The hotel industry is a mature space with some great companies that have done well over the years, Cruse said, but his team found an opportunity for growth in the unmet needs of conscious consumers. These travelers are concerned about their personal wellness, social good and sustainability, but there isn’t much representation of these core values — especially among accessibly priced properties — in the hotel industry.
With these values in mind, SCP developed its first properties over the past couple of years, achieving strong index performance, having strong flow-throughs and receiving positive guest reviews. Cruse said it has been a great proof of concept.
“That resonated very strongly with our partners, and I think it’s consistent with a lot of the way these institutional investment funds are looking to do their business,” he said.
Expanding the Company
The team at SCP has been in the hotel industry for a long time, allowing them to see what gets done well and what needs some recalibration, Cruse said. Within the U.S. hotel industry, there are brand companies, management companies and ownership companies, and, for the most part, those three disciplines are independent of each other.
The industry evolved this way because each one requires a different skill set, he said.

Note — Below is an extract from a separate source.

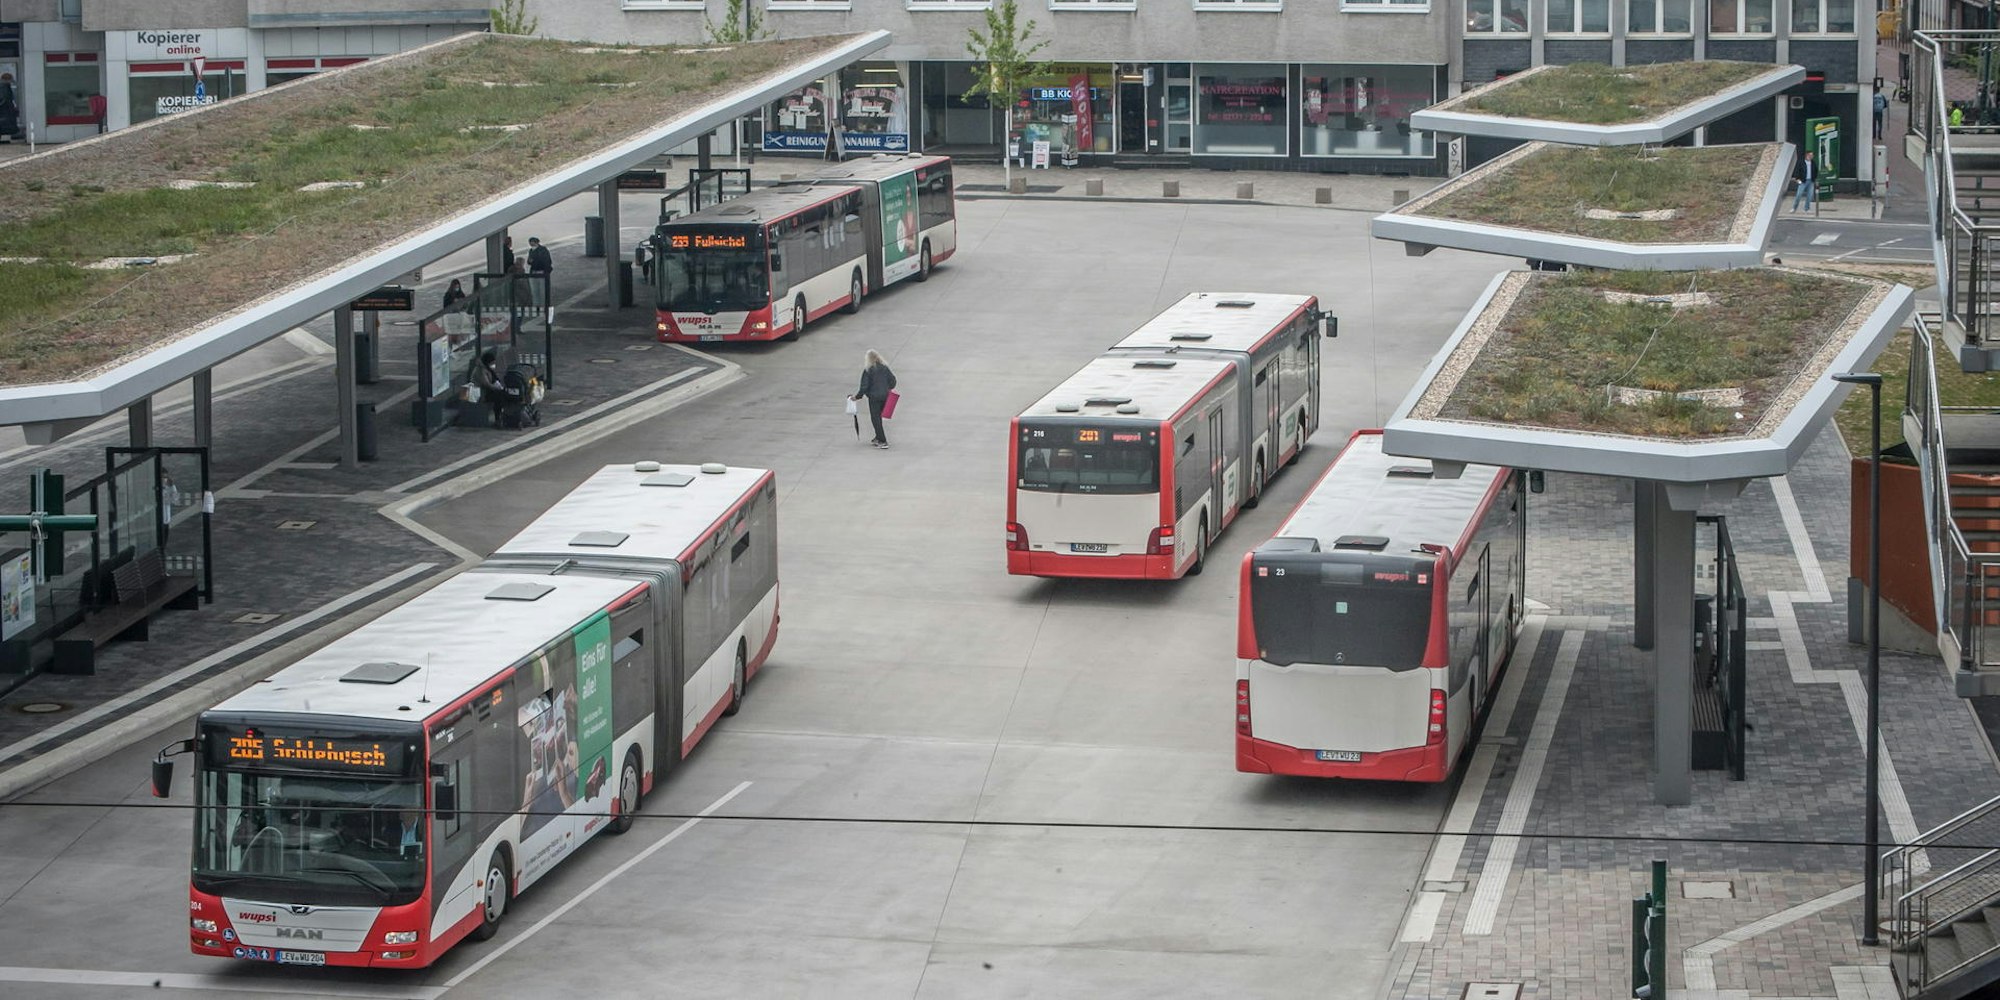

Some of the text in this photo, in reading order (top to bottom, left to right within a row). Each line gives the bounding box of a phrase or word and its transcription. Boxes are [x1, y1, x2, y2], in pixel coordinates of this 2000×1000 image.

“Since we've been in the industry for a long time, we can pull together a team that has great experience and very good track records,” he said. “All three of those skill sets are well-represented within our organization.

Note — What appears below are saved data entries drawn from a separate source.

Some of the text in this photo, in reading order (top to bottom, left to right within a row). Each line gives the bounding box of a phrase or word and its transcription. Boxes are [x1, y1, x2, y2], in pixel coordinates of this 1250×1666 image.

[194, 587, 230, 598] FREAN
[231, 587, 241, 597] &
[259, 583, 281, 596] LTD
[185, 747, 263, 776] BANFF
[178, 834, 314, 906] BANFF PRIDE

“Our view is that we can avoid the inefficiency and, ultimately, the conflicts of interest that occur when you have those three different parties that are kind of pulling in slightly different directions or, in some cases, distinctly different directions.”
The umbrella organization, SCP Hospitality, owns the brand, the management side and the real estate, Cruse said. That organization allows the company to be more efficient and flexible, and quicker in making decisions and course corrections, because there aren’t multiple parties pulling in different directions, he said.
As SCP Hospitality looks to grow its portfolio, if the company is branding a hotel, it will at minimum be managing it, too, he said. The plan in most cases is to own the real estate as well, to have the desired level of oversight, but executives are open to working with owners who embrace SCP’s core values. Given the current state of the industry, there likely are owners of distressed properties who would be great partners.
“We can bring in the capital in that situation,” he said. “We can renovate and reposition their assets to be Soul Community Planets. In that case, very likely we would end up in a scenario where we have a third-party owner but we’re the brand and the manager. We’re open to a broad range of creative solutions at this point.”
The four hotels in SCP’s portfolio are quite different from one another, Cruse said. The SCP Colorado Springs is a 176-room motel in Colorado Springs, Colorado. The SCP Redmond is a 49-room boutique hotel in Redmond, Oregon. The SCP Depoe Bay is a 14-room eco-surf lodge in Depoe Bay, Oregon. The Salishan Coastal Lodge is a 204-room property in Gleneden Beach, Oregon, under the SCP Hospitality umbrella but not currently part of the brand.
“Our view is all four of those different product types lend themselves quite well to Soul Community Planet,” he said.
Having this variety in property types gives the company the flexibility to branch out beyond having set requirements for room counts, specific locations and types of construction, he said.
“The strength of the brand is in the consistency of the core values themselves, and how those core values are represented and embodied are often going to be quite different,” he said. “It gives us a lot of flexibility, and we think it actually strengthens the brand having that market-appropriate positioning from one asset to the next.”